Unrestrained Domestic and Feral Cats

Goal:

  • Increase communication, education and outreach with cat owners and cat advocates.

MN_feral-cat_jim-williams
Jim Williams
Feral cat
Conservation Concern: Following habitat loss and strike hazards, unrestrained cats--including stray, feral, free roaming domestic and outdoor--are the biggest source of human caused mortality for birds and other small wildlife. Cats are recognized by the International Union for the Conservation of Nature as one of the worst invasive species, with documented impacts on 254 threatened, near threatened and extinct bird species worldwide. Estimates vary on how many birds are killed annually, with fatalities based primarily on cat prey returns by owners. Species most vulnerable to cat predation include: ground-nesting birds, tree nesting species during the fledging period, and birds en-route during migration when they are exhausted and unfamiliar with an area. The standard methods of declawing, placing a bell on a cat, or ensuring the cat is well fed do not deter predation.

Cat depredation on wild birds is a growing problem.
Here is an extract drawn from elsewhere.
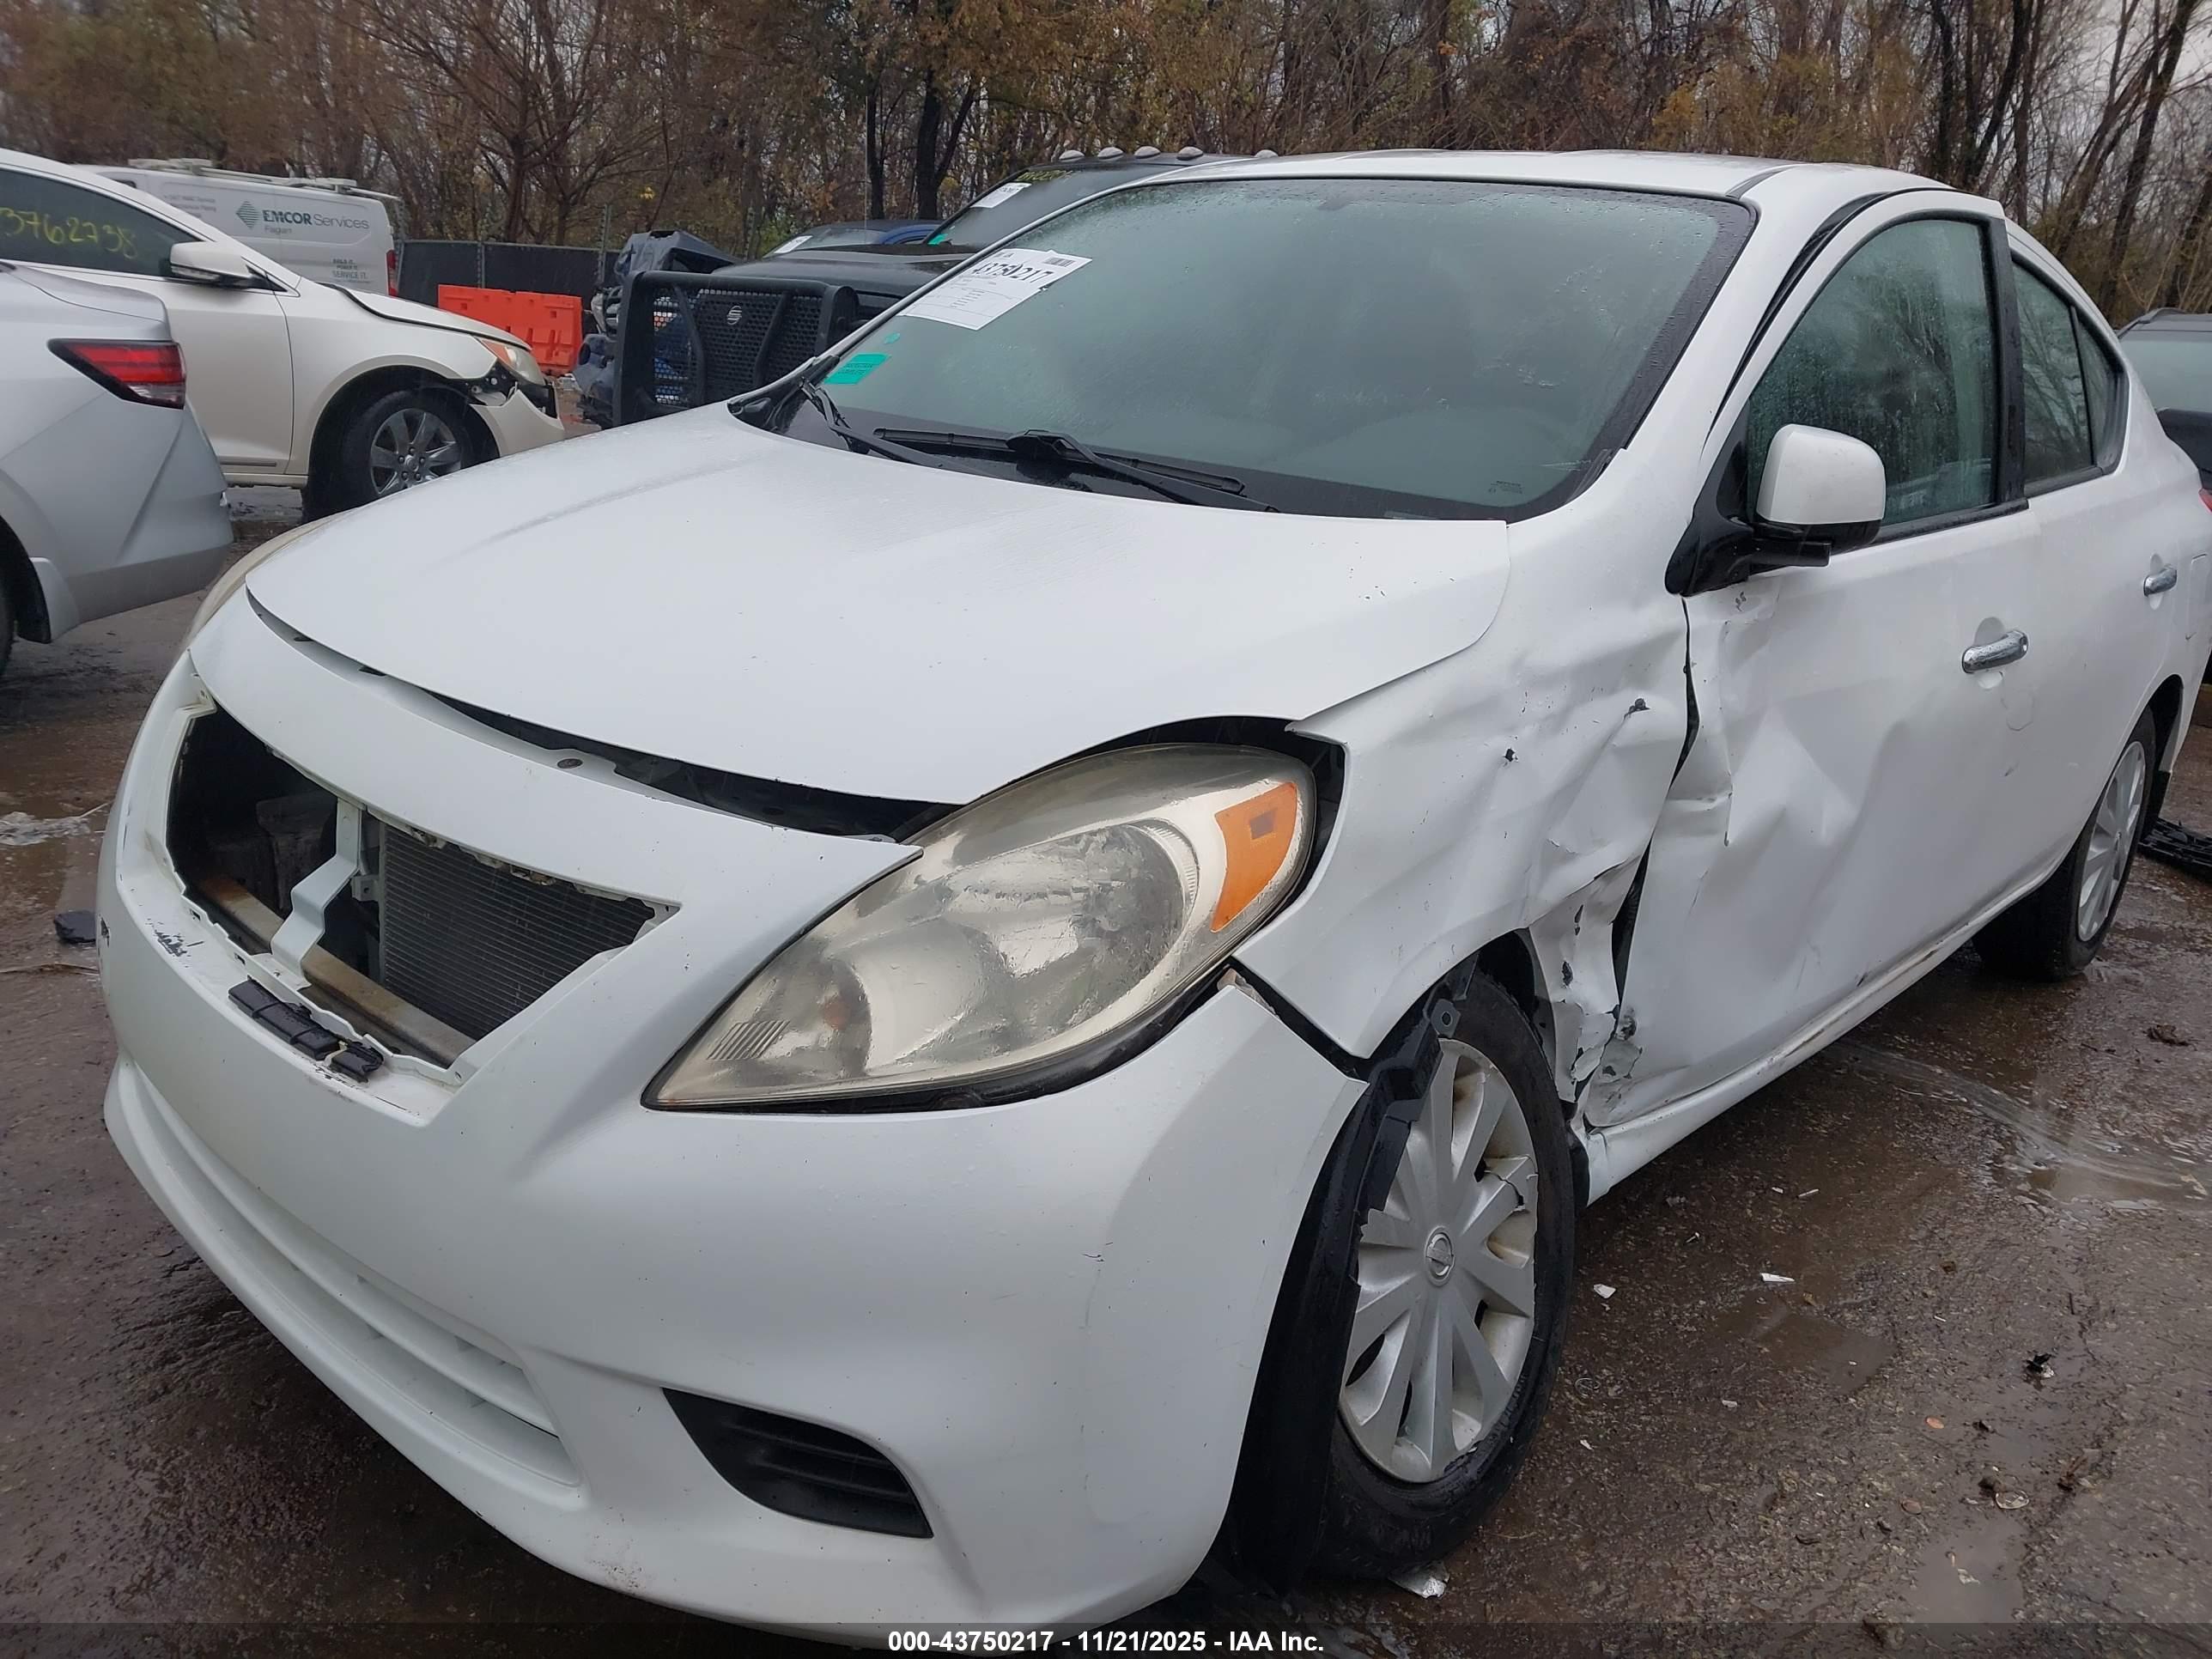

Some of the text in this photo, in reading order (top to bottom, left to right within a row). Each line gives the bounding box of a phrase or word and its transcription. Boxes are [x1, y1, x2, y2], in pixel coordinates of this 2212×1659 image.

Over the last 40 years, the number of pet cats in the United States has increased threefold to a current total of approximately 90 million. Approximately 65% of pet cats are allowed outdoors for at least part of the day, resulting in approximately 60 million outdoor cats. It is estimated that there are an equal number of feral cats, resulting in between 120-160 million free-roaming cats in the United States alonexlix. Cat populations are increasing while nearly one-third of the more than 800 species of birds in the U.S. are endangered, threatened, or in significant decline.

Conservation Strategy: Finding solutions to controlling unrestrained cats must involve dialogue among all stakeholders and especially effective communication with cat advocates. The Wildlife Society recently initiated efforts to develop a coalition of federal and state partners and non-governmental organizations to share information and develop a consensus position on feral-cat policy. This effort is a very important step toward combating the problem of cat predation.

Trap-Neuter-Release is an Unworkable Solution

Growing numbers of cities, towns, and animal shelters, including the Animal Control Center in District 7 of Saint Paul, are adopting trap-neuter-release (TNR) programs to manage overabundant populations of stray, feral, and abandoned cats. Cat advocacy groups present TNR as a humane solution, because cats receive food, water, and shelter. Because the cats are meant to be trapped, sterilized, vaccinated, and returned to the colony, proponents of TNR claim this approach will eventually reduce overall numbers; however, research shows otherwise. In order to stop population growth, between 70 and 80% of the cats in any given colony need to be neutered and the population needs to be closed. Unfortunately, TNR colonies often become dumping grounds for unwanted pets, and because it's impossible to sterilize and vaccinate all feral cats in an area, populations most often remain stable or increase over time.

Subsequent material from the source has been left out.